Imo a bug, clearly - but not so clear where it is located.

To me, it looks like the statsforecast y_pred is identical with the first three years of y_train.

What is odd is that the bug depends on which estimator is used, i.e., the condition seems to be a condition of evaluate and StatsForecastAutoARIMA, which makes a guess of what is going on hard.

fkiraly commented 8 months ago

a wild guess: it could be that sth produces incorrect indices internally - either the fh, or the adapter estimator. Then, loc or integer based indexing might retrieve - from the data - or request - from a prediction - the wrong values.

FYI @yarnabrina, any better or other guess?

yarnabrina commented 8 months ago

I don't use evaluate myself, so very not much familiar with its codebase, but if direct use is working it's unlikely to be in adapter. I don't have any guess to debug, but I'd try to see if it's statsforecast specific or if it is happening with few other estimators as well, possibly with some common tag or etc.
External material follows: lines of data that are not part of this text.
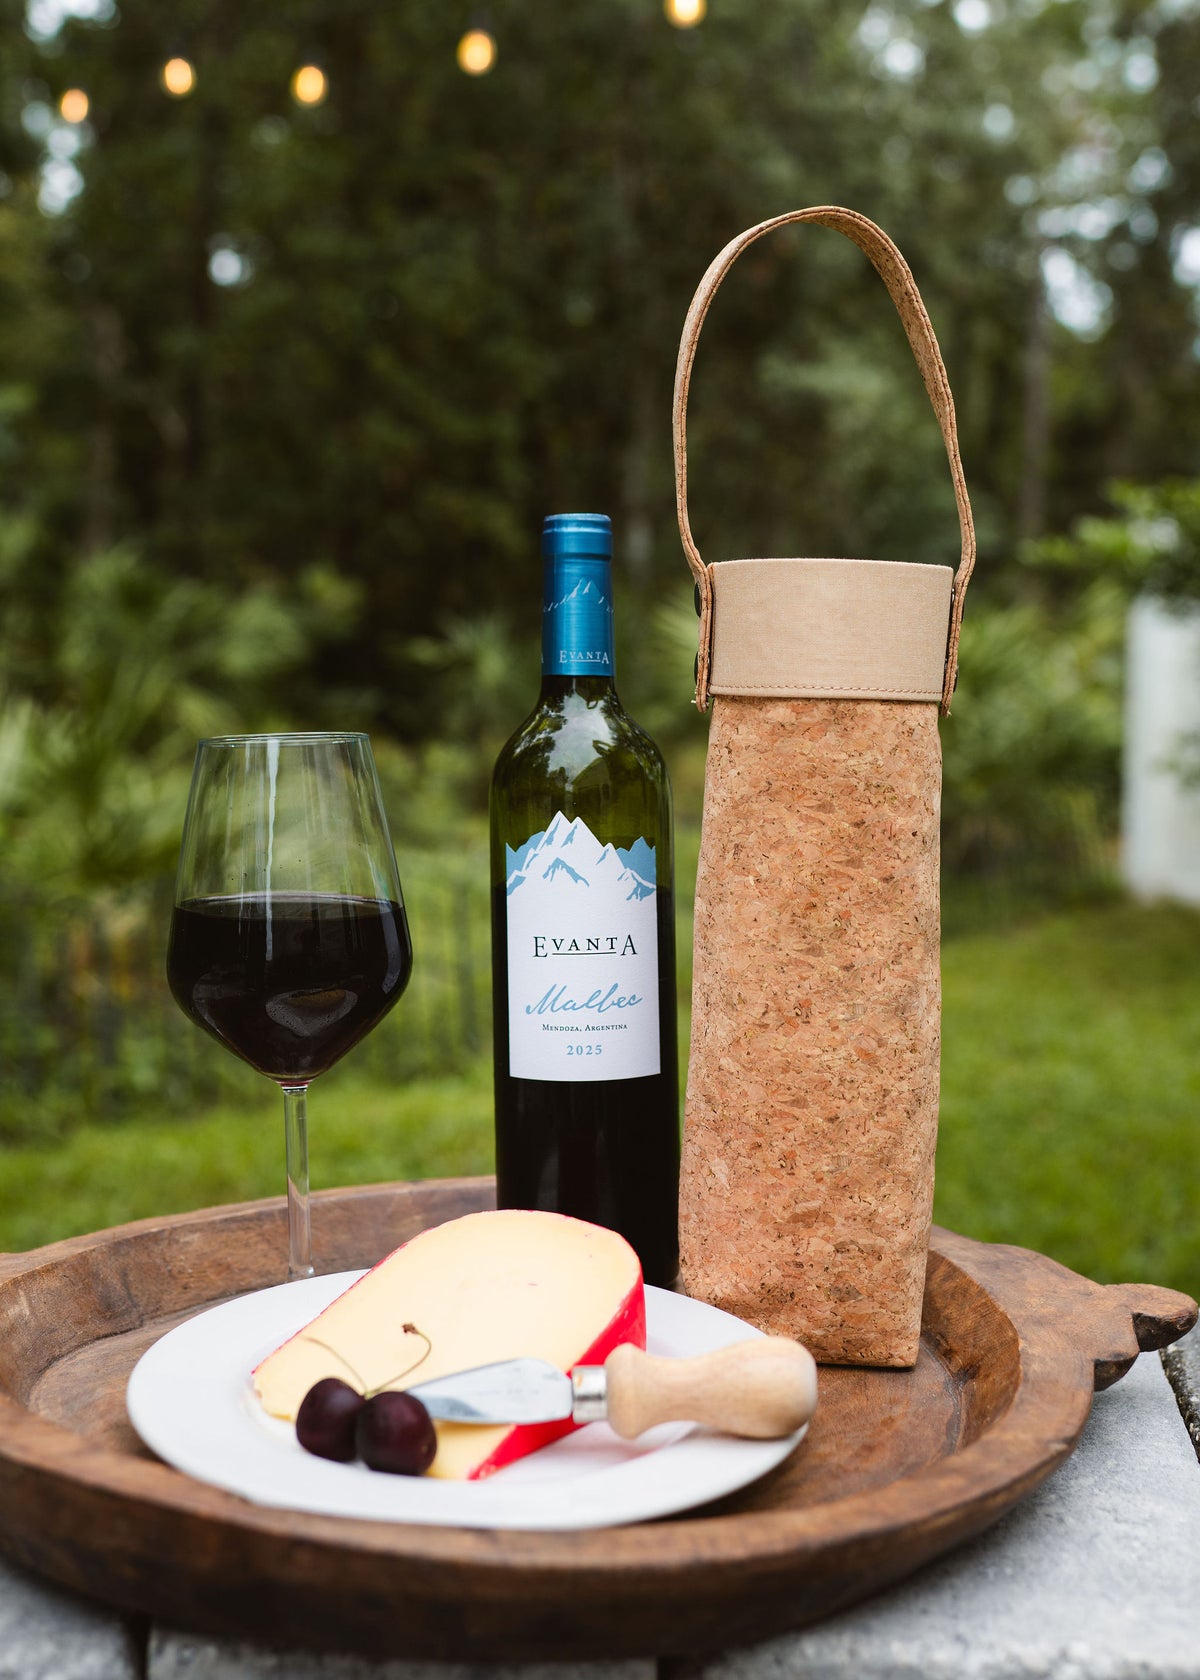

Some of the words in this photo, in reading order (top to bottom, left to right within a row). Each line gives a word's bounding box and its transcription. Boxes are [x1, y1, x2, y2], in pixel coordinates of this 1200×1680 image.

[559, 650, 610, 664] EVANTA
[533, 933, 638, 957] EVANTA
[525, 982, 643, 1015] Malbec
[542, 1023, 582, 1032] MENDOZA,
[584, 1023, 628, 1032] ARGENTINA
[566, 1044, 603, 1056] 2025
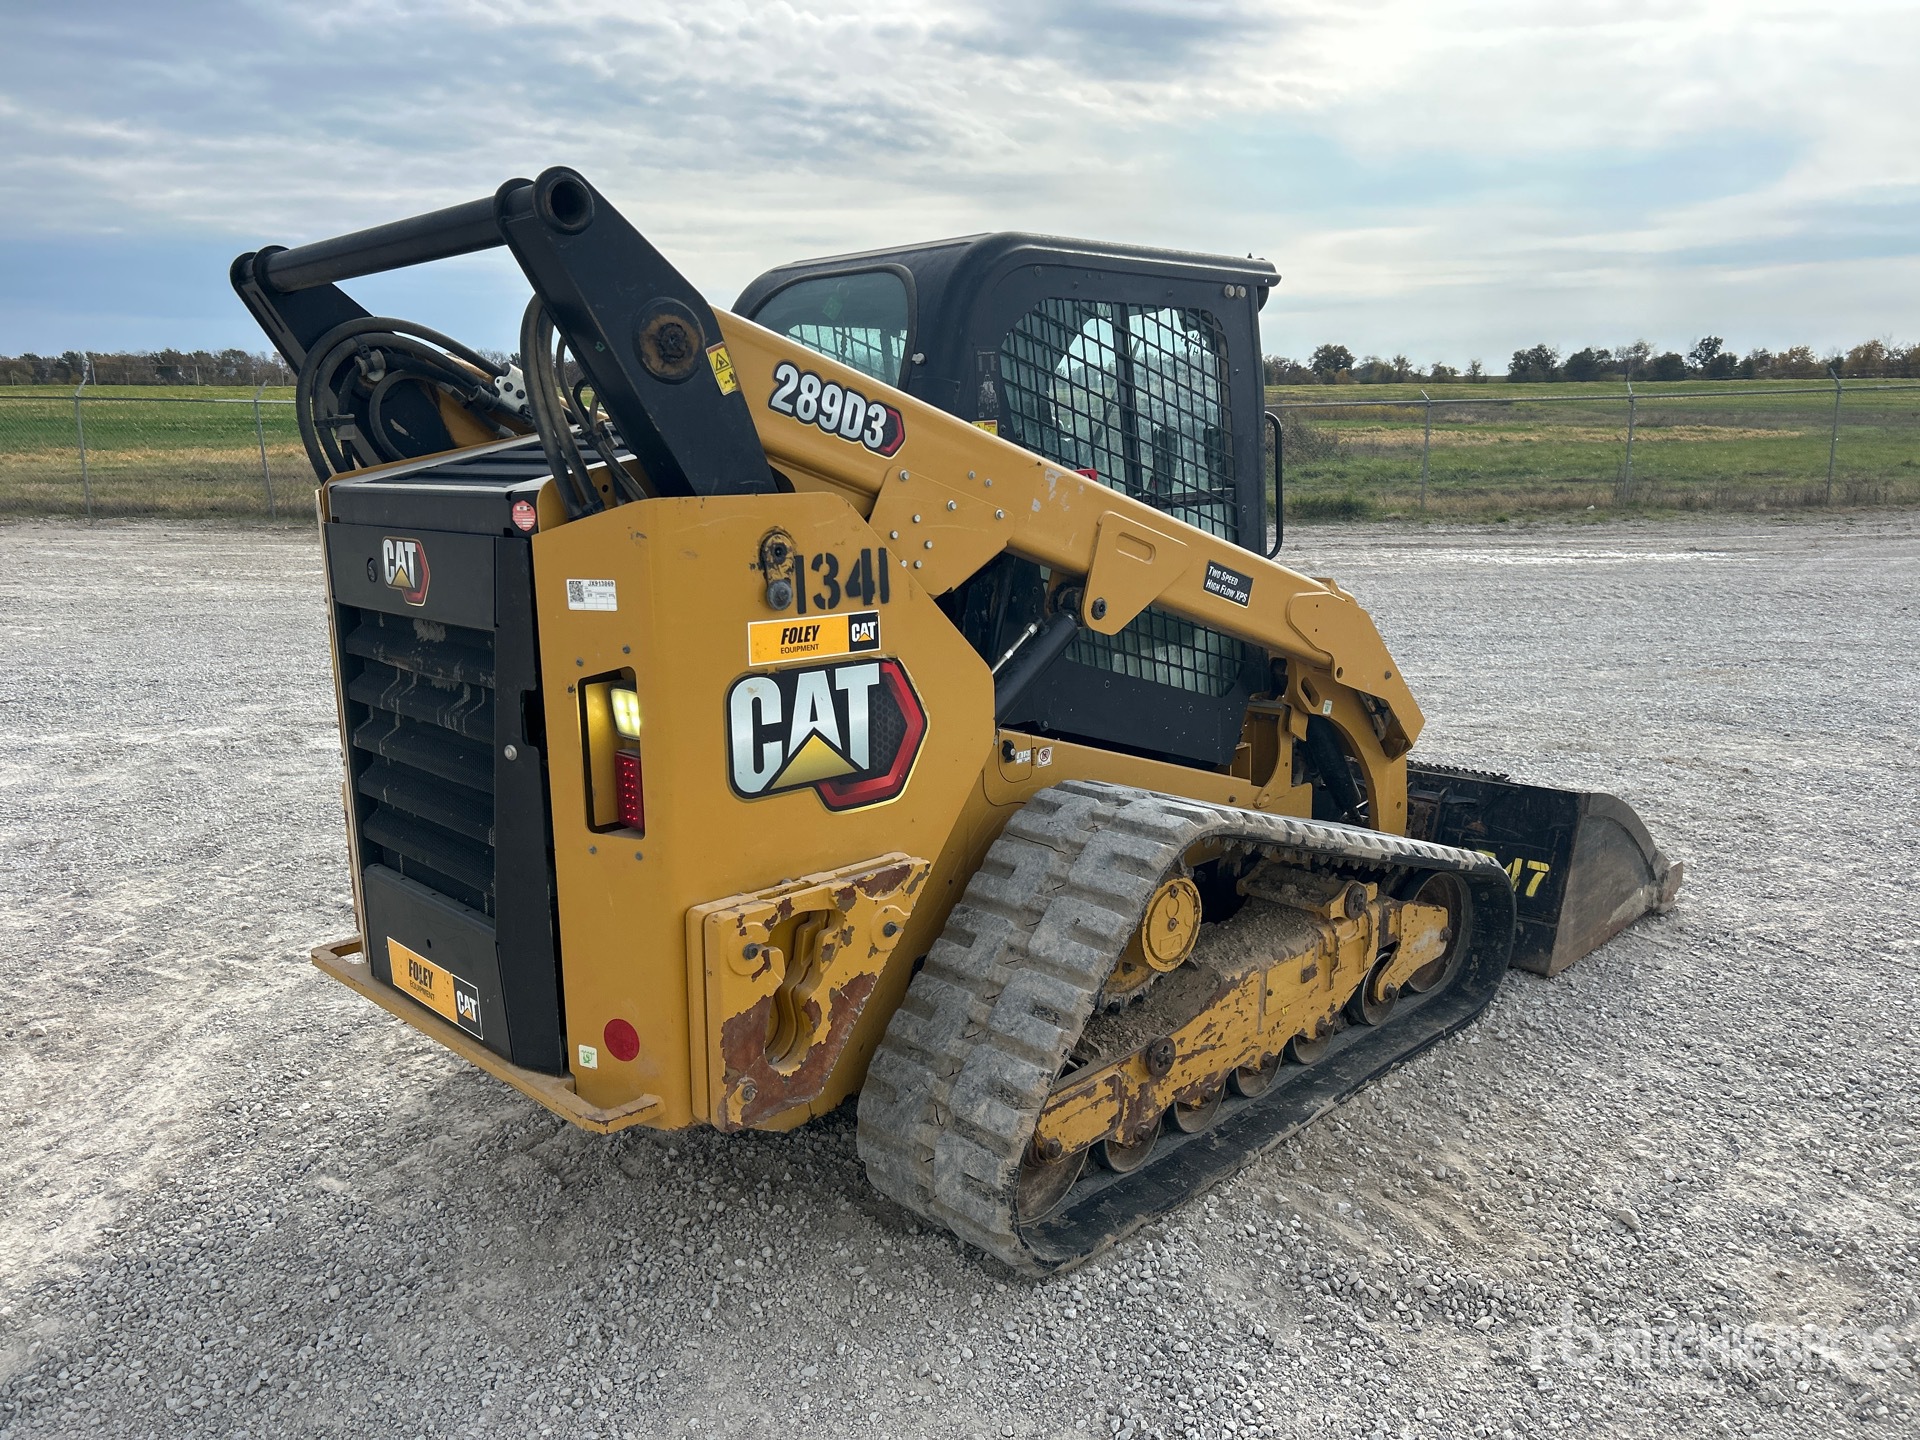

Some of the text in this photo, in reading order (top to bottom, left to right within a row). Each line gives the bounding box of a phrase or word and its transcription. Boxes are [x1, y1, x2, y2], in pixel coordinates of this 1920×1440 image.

I use CV of course, so it's possibly affecting my work as well. I'll take a detailed look tomorrow to see if I can find any pattern or any other guesses.

On Mon, Feb 5, 2024 at 9:45 PM Franz Király @.***> wrote:

a wild guess: it could be that sth produces incorrect indices internally - either the fh, or the adapter estimator. Then, loc or integer based indexing might retrieve - from the data - or request - from a prediction - the wrong values.

FYI @yarnabrina https://github.com/yarnabrina, any better or other guess?

— Reply to this email directly, view it on GitHub https://github.com/sktime/sktime/issues/5894#issuecomment-1927357001, or unsubscribe https://github.com/notifications/unsubscribe-auth/AJMCQBF47VPDEMPJEW5P7GLYSEATHAVCNFSM6AAAAABC2NIEZGVHI2DSMVQWIX3LMV43OSLTON2WKQ3PNVWWK3TUHMYTSMRXGM2TOMBQGE . You are receiving this because you were mentioned.Message ID: @.***>

fkiraly commented 8 months ago

@yarnabrina, evaluate is used inside all the forecasting tuners - so if it were broken, then the same probem would impact all tuners.

Abhay-Lejith commented 7 months ago

I'd like to work on this issue! I've found the cause of the problem, will make a fix and PR tomorrow perhaps.

fkiraly commented 7 months ago

nice!

fkiraly commented 6 months ago

@Abhay-Lejith, may I kindly ask where we left off with #6029? Did you abandon working on this? Which is fine if it were the case, just want to understand the status.

Abhay-Lejith commented 6 months ago

@Abhay-Lejith, may I kindly ask where we left off with #6029? Did you abandon working on this? Which is fine if it were the case, just want to understand the status.

Yes, I am no longer working on that issue.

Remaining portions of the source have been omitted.